#### Data provided
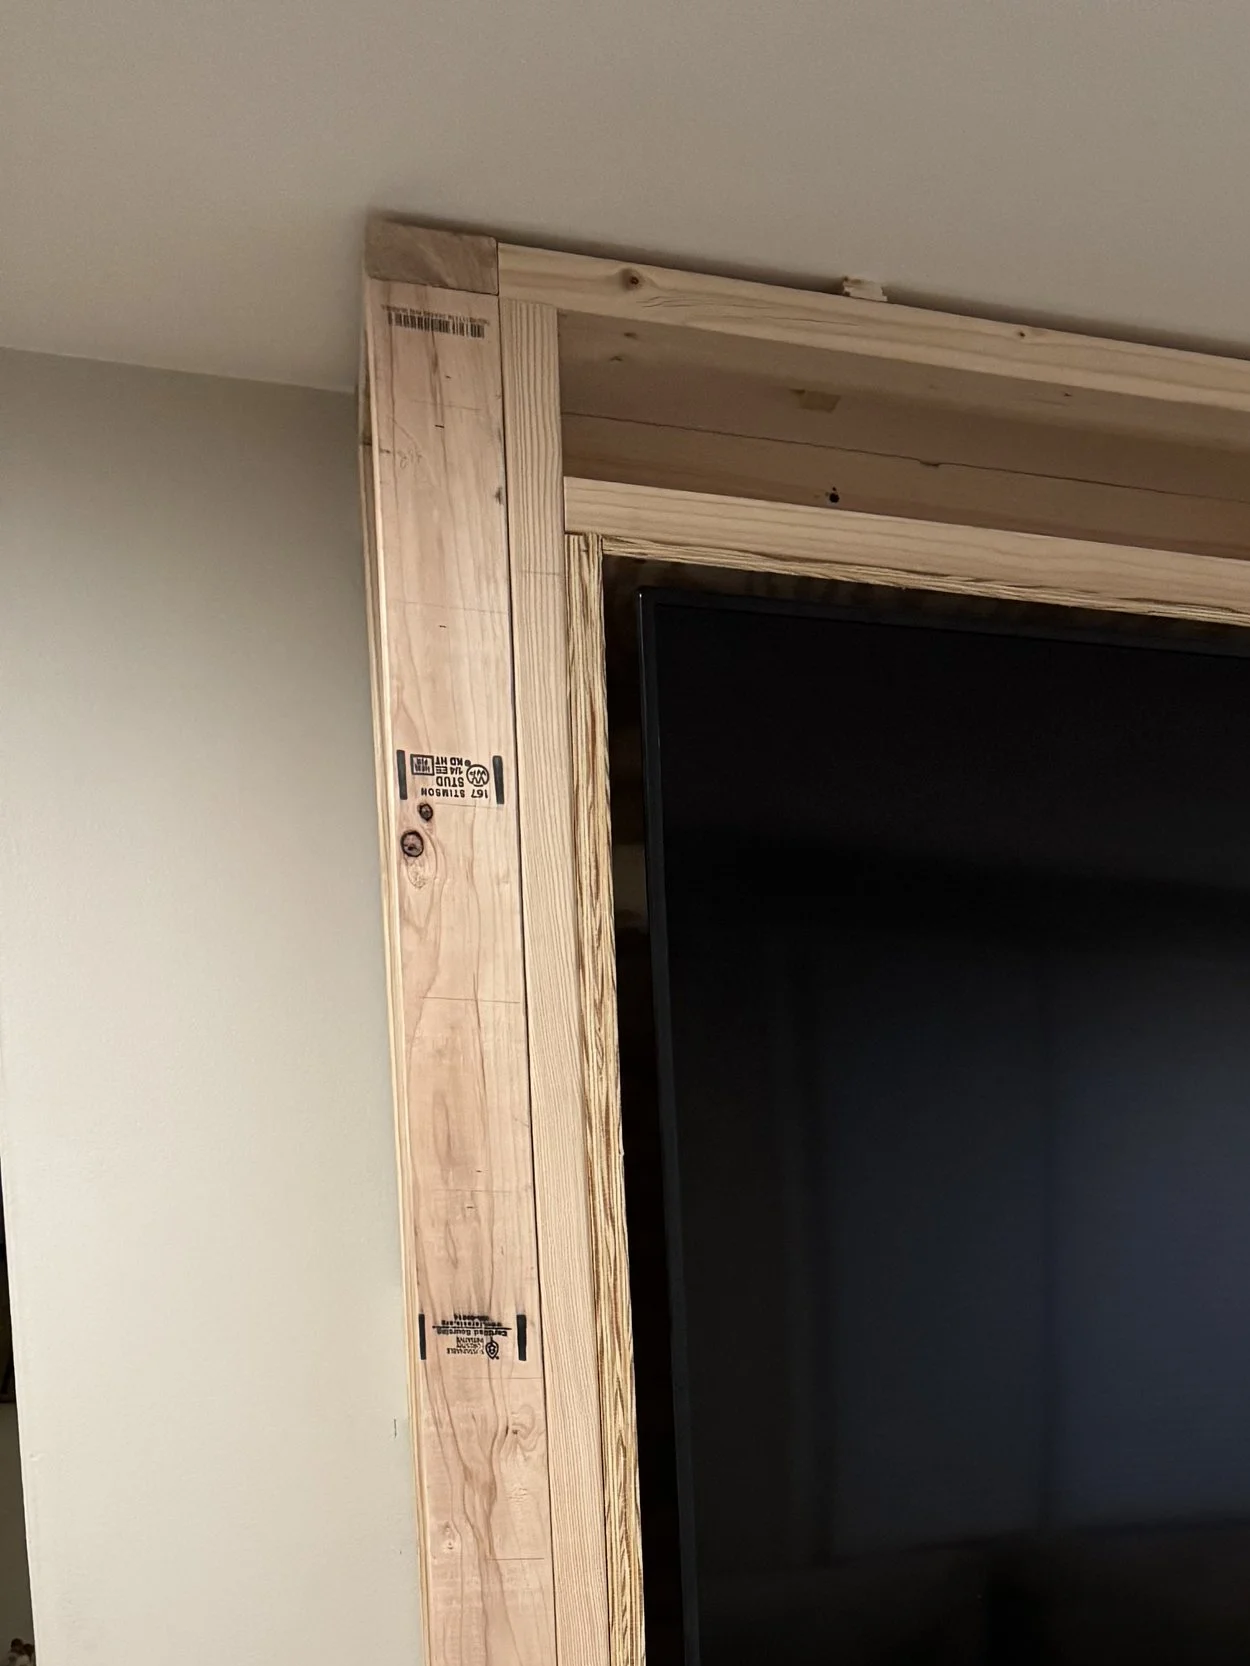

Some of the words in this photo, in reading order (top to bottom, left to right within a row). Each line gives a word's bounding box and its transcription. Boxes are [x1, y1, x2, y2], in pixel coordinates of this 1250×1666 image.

[434, 756, 448, 766] HT
[449, 757, 464, 766] KD
[435, 776, 465, 788] STUD
[420, 787, 466, 798] STIMSON
[470, 789, 489, 799] 167
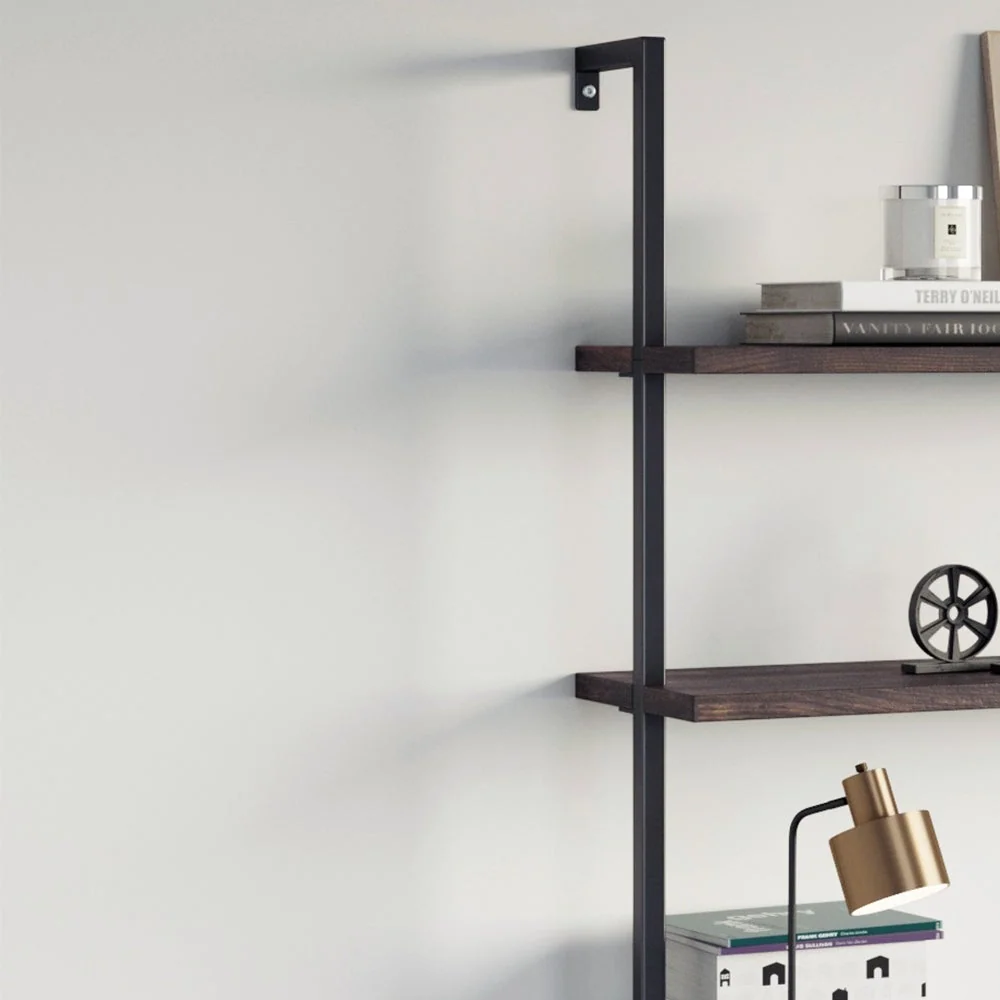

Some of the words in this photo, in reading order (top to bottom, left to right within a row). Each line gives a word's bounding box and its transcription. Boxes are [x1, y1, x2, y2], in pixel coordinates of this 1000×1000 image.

[915, 289, 957, 304] TERRY
[843, 322, 914, 335] VANITY
[921, 322, 964, 335] FAIR
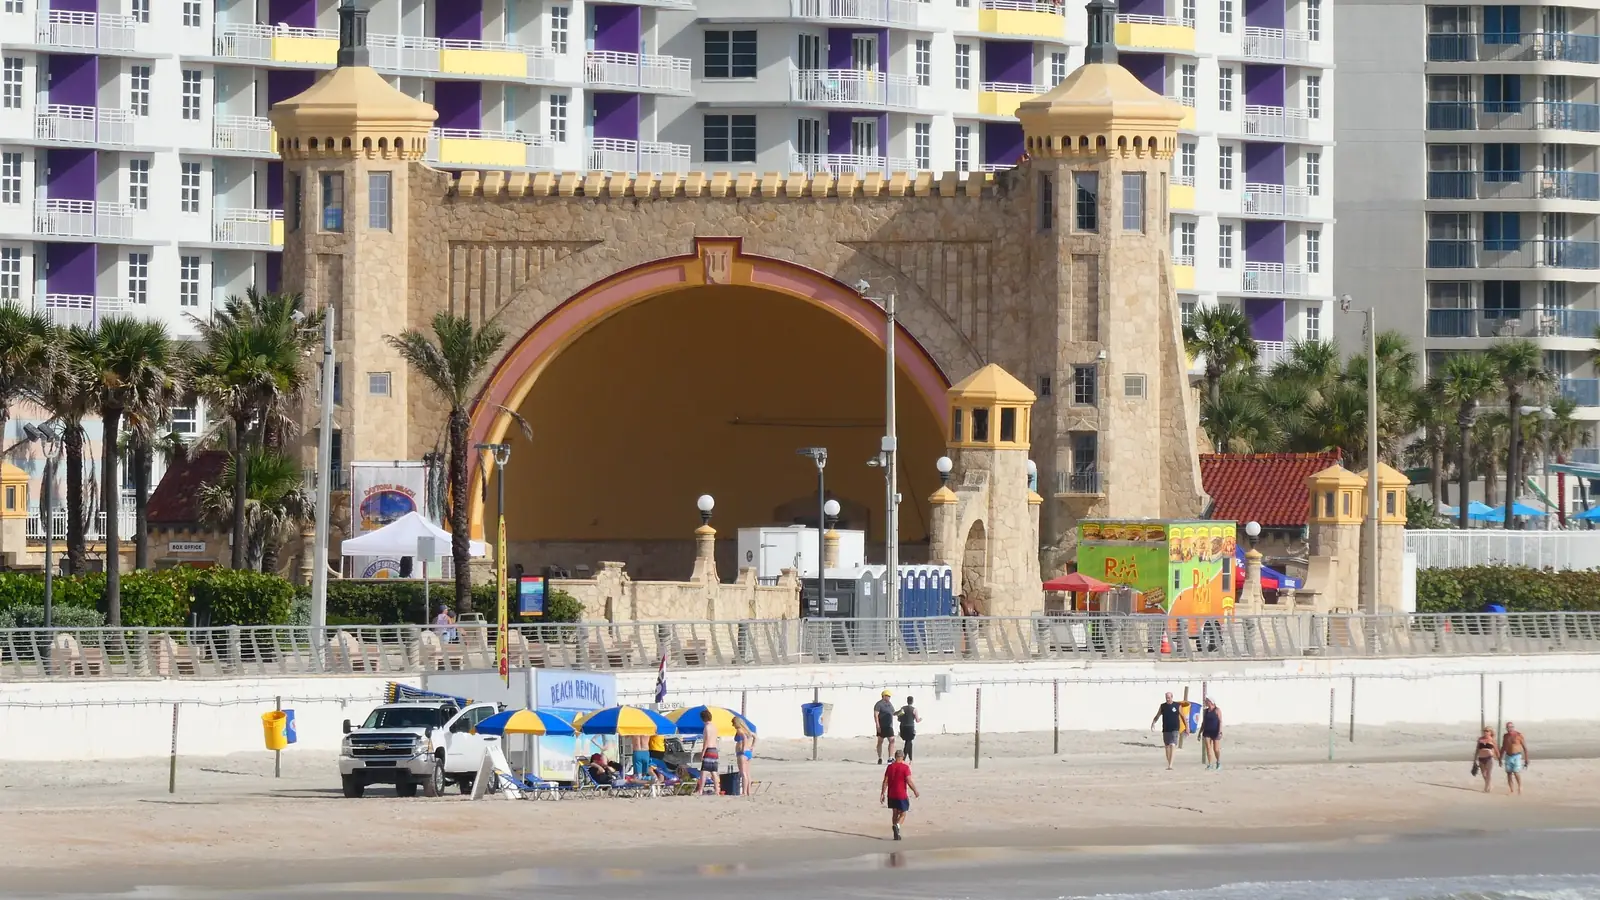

#### Your instructions
Set down again, exactly, the lines from the one with "this 1000×1000 image." to the last line of the data, both included and pictures excluded.

#### Answer to this task
Some of the words in this photo, in reading order (top to bottom, left to right within a row). Each line gives a word's bounding box and its transcription. Boxes are [x1, y1, x2, y2], in pixel coordinates of this 1000×1000 image.

[915, 289, 957, 304] TERRY
[843, 322, 914, 335] VANITY
[921, 322, 964, 335] FAIR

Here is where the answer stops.